Comptroller Brad Lander said the city should allocate an additional $34 million in funding for individual schools instructing the asylum seekers who have been bused to New York from the southern border and will need intense academic and social service help. Some of the young migrants don’t speak English, have not attended classes for years and are illiterate, educators previously told Gothamist.

Lander said Adams’ cuts to the education department budget – which the comptroller estimated is $469 million because of declining enrollment – have put an added burden on schools coping with the unanticipated influx of asylum seekers.

“Schools where enrollment exceeded DOE projections this fall are already operating at a deficit of staff, and now face even greater shortfalls as they take in new students who they were not budgeted to support,” Lander said in a prepared statement. “The Department of Education must move swiftly to provide schools with the necessary funding to support students from migrant families.”
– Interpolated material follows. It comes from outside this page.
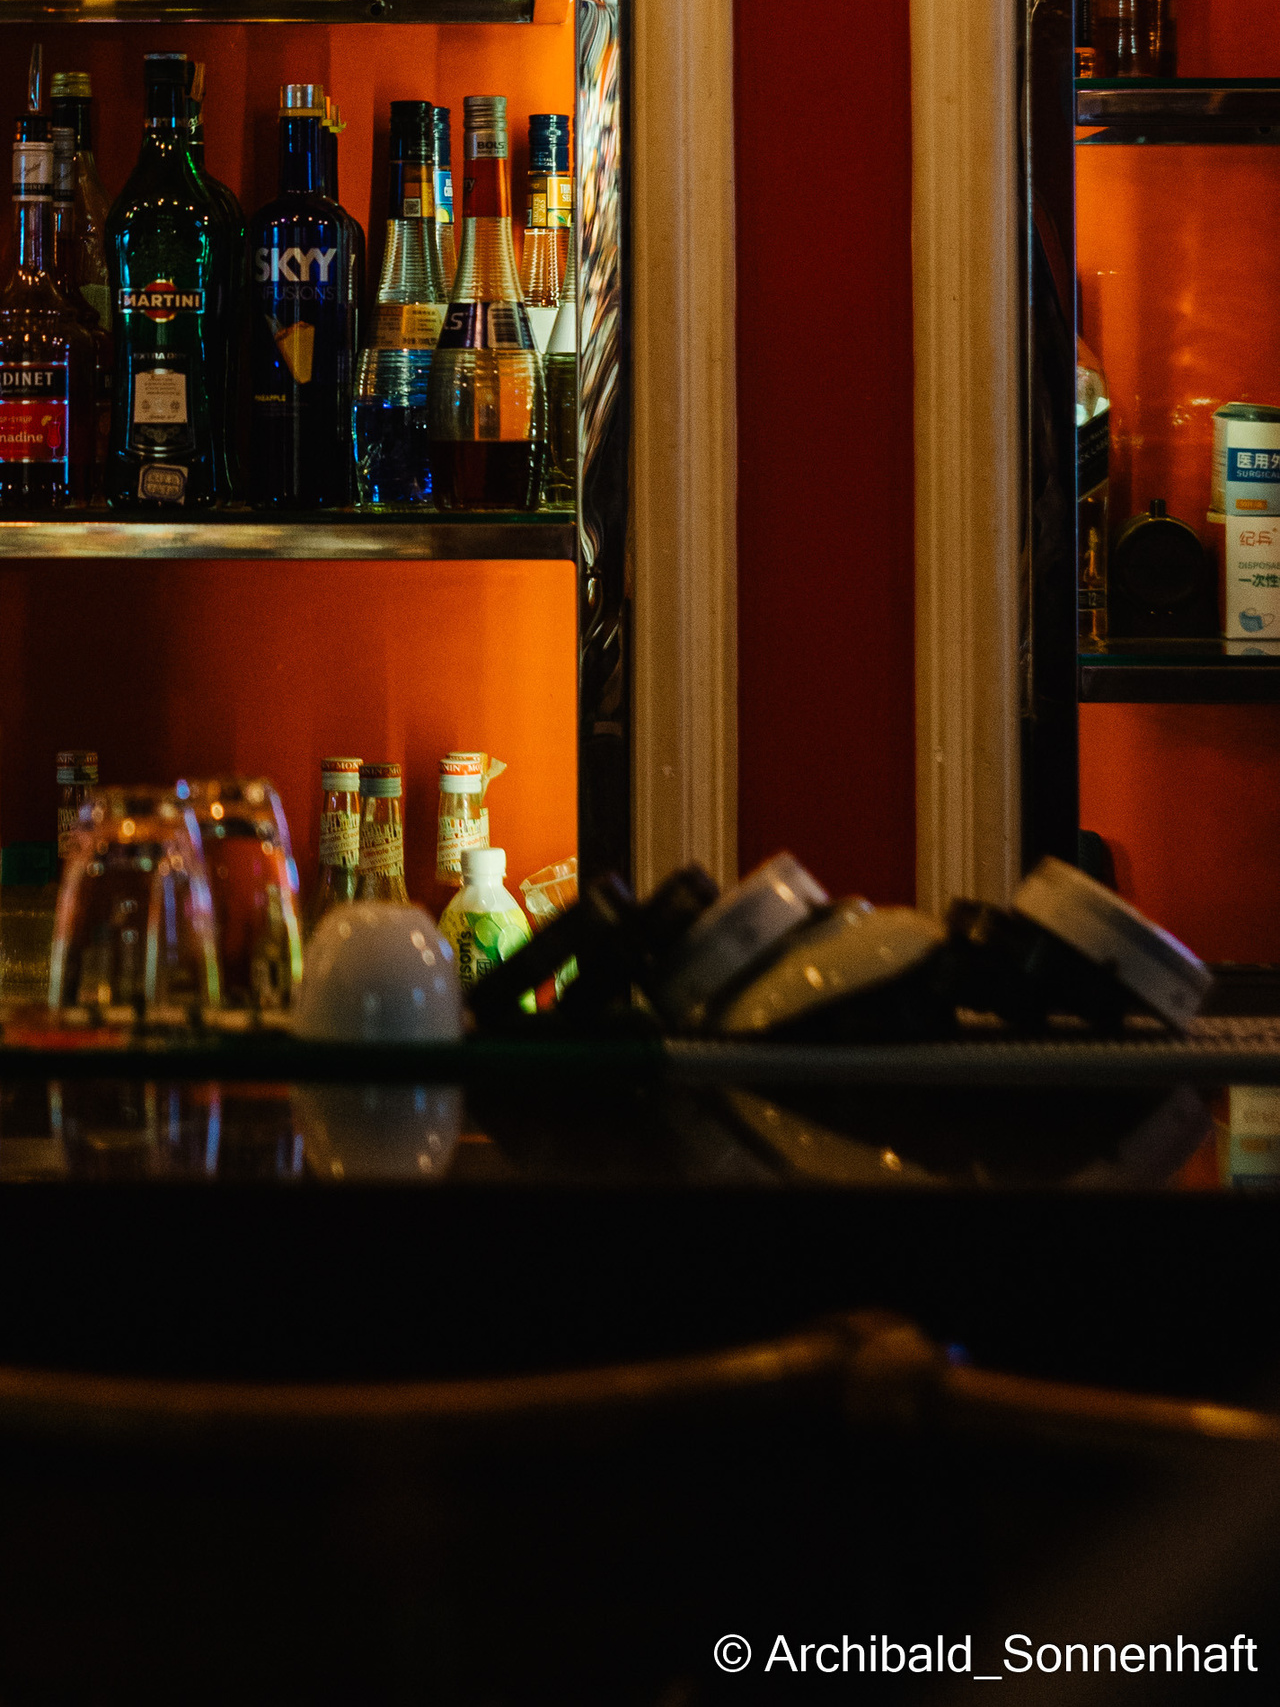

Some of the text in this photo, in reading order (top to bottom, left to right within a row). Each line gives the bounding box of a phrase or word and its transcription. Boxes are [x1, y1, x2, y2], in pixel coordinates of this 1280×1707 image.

[477, 141, 506, 150] BOLS
[255, 247, 337, 282] SKYY
[124, 295, 200, 308] MARTINI
Lander’s comments followed an announcement from Schools Chancellor David Banks that the city is adding more programs and staff to help the migrant kids. The expanded programming includes bilingual instruction, mental health treatment and access to social workers.

“Strains are always put on schools anytime they see a sudden, unplanned influx of students,” Banks said at a press conference at PS 16 in the Bronx, which received 39 new asylum-seeking students. “We have to care, because if we care all the other pieces will fall into place.”

The city traditionally adjusts budgets for the system’s 1,600 schools in the fall, after enrollment numbers are confirmed at the end of October. Each school’s budget is calculated with a Fair Student Funding formula using a combination of state and city funds.

DOE spokesman Nathaniel Styer said that schools with significantly increased enrollment already have been allocated additional funding.

“We've provided $25 million directly to schools in response to new students enrolling, and there is more to come,” Styer tweeted. “We don't wait till October 31st if schools have new needs, never have.”

But comptroller spokeswoman Chloe Chik said the $25 million in funding is not enough. She said the city’s extra allocation was “woefully short” of the overall school budget cuts, which are the subject of an ongoing lawsuit.

Roughly 18,600 asylum seekers have come to the city since the spring, more than half of whom are living in homeless shelters. There were 63,363 people in city shelters on Monday, highs not seen in decades.